Disorder set student on path to enter competition

Claire Seiler, who will be a junior at Notre Dame Academy, is a finalist to win $1,000 to study a disorder that she has.
Claire Seiler, who will be a junior at Notre Dame Academy, is a finalist to win $1,000 to study a disorder that she has.

For some, a diagnosis of Ehlers-Danlos syndrome, a connective tissue disorder, could mean only a lifetime of pain. For 16-year-old Claire Seiler, it was a research project.

A junior at Notre Dame Academy, Claire is one of 10 finalists competing for $1,000 in the “Inspire a Future Scientist” contest sponsored by the National 4-H Council and HughesNet.

She hopes to pursue an internship at the National Institutes of Health in Bethesda, Md., to study procollagen folding, which plays a role in her condition.

To win, Claire needs votes from the public. Her entry, a short film and essay about her scientific interests, is currently in third place with about 2,700 votes.

In her entry, she describes how her disease has proved no deterrent, but rather a motivation for her to keep studying.

Claire’s hypermobility-type Ehlers-Danlos syndrome struck when she entered her freshman year. The condition, while not life-threatening, caused her significant pain. Nine-hour migraines eroded her concentration in school, and insomnia led the standout student to fall asleep in class. Worst of all, her joints could potentially dislocate at any moment.

“I would walk to class and my hip would pop out, and I would miss class time trying to pop it back in,” she said.

Her parents initially thought something was amiss when their daughter, as a toddler, often complained that her legs hurt.
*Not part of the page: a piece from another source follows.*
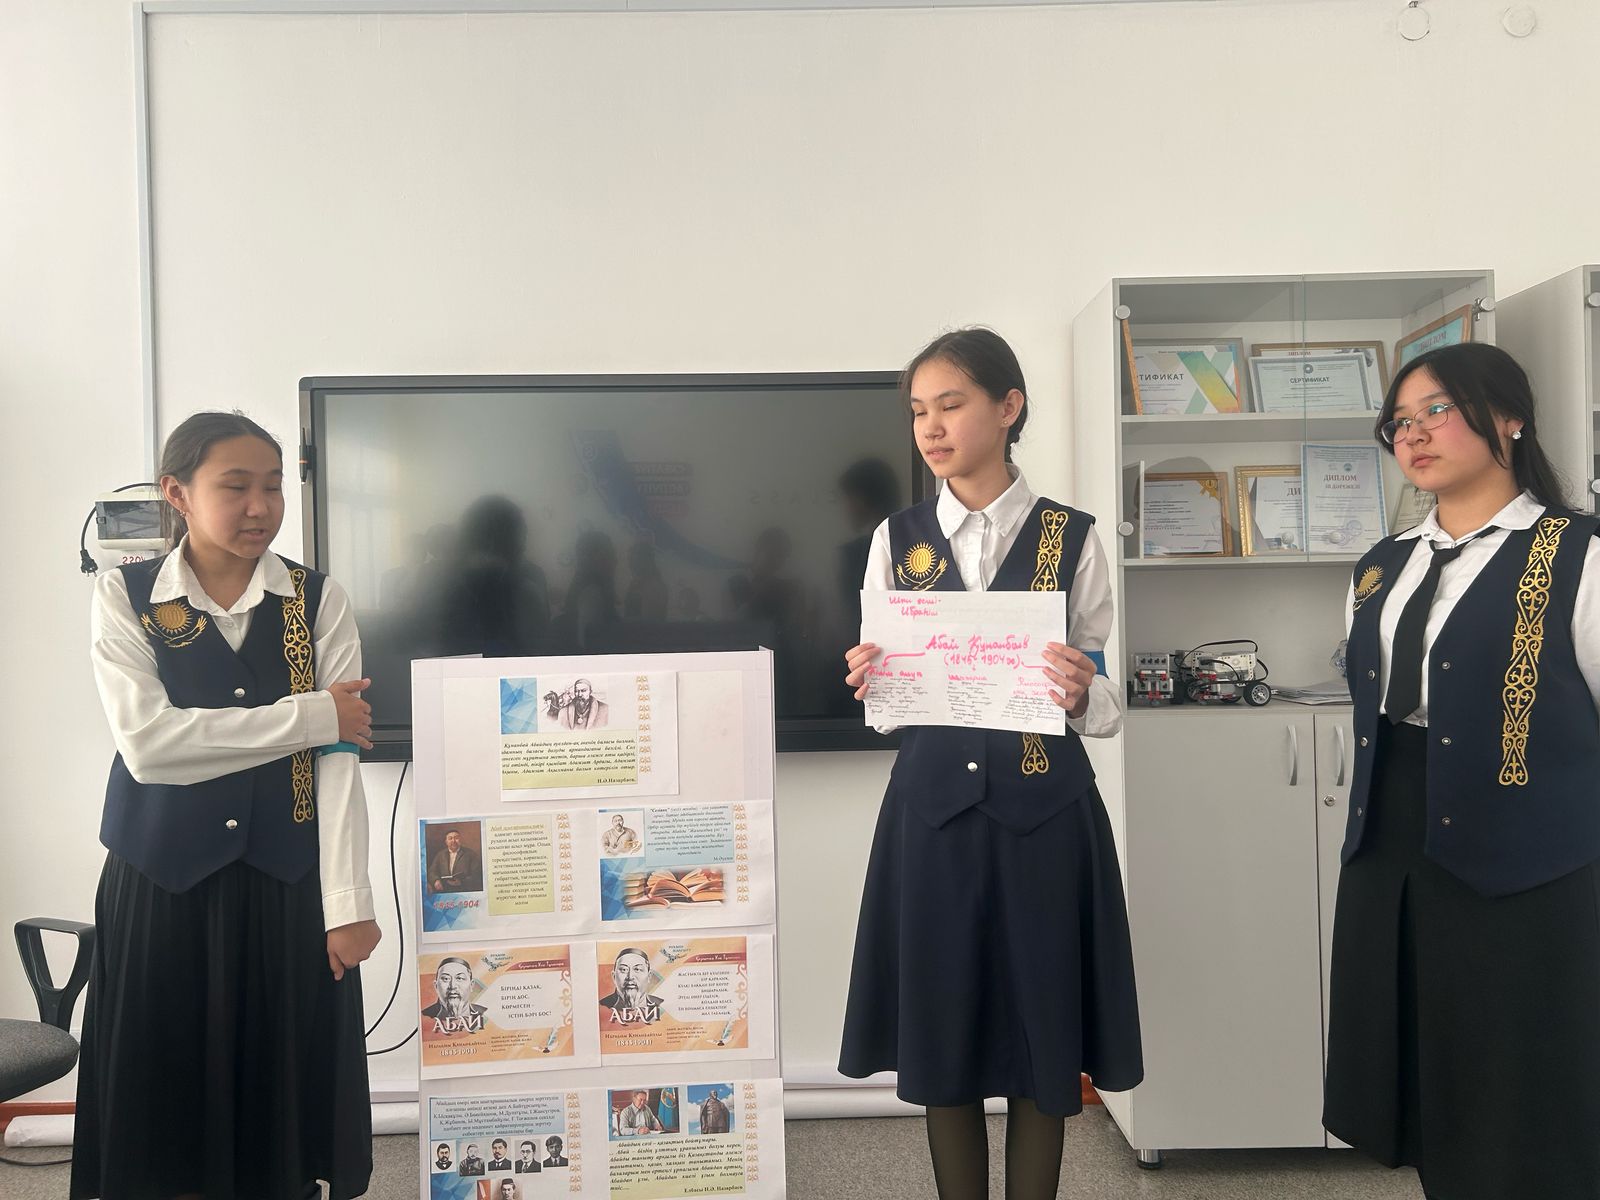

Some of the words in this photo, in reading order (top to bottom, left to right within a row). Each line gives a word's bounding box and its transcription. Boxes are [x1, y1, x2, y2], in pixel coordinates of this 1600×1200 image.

For years, her pediatrician said growing pains were to blame.

But when Claire’s discomfort persisted, the Seilers asked a juvenile rheumatologist at Cincinnati Children’s Hospital to take another look. He diagnosed Claire with hypermobility, a looseness of the joints that makes them unstable and prone to hyperextension or dislocation. After learning about Ehlers-Danlos syndrome online, the Seilers approached a pediatric geneticist at the Cincinnati hospital about it.

Hoping to connect Claire to other Ehlers-Danlos syndrome patients, the Seilers started a local support group. More than 20 people of varying ages and syndrome severity are signed up.

While there is no cure for Claire’s Ehlers-Danlos syndrome, medications can alleviate her symptoms. Thanks to her treatment team, her studies have gone unaffected. She plans to take Advanced Placement chemistry and International Baccalaureate Diploma Program biology in the fall, and has completed online courses on programming and creative writing. With some accommodations, she also plays lacrosse.

“I’ve maintained the same grades. I just have to put in triple the effort,” she said.

Claire aims to build awareness about Ehlers-Danlos syndrome so that the condition does not linger undiagnosed. She hopes to continue her research in college at Duke University and Johns Hopkins University.

“I’ve never had a thought that I’m doing too much,” she said. “I have a passion to keep moving forward.”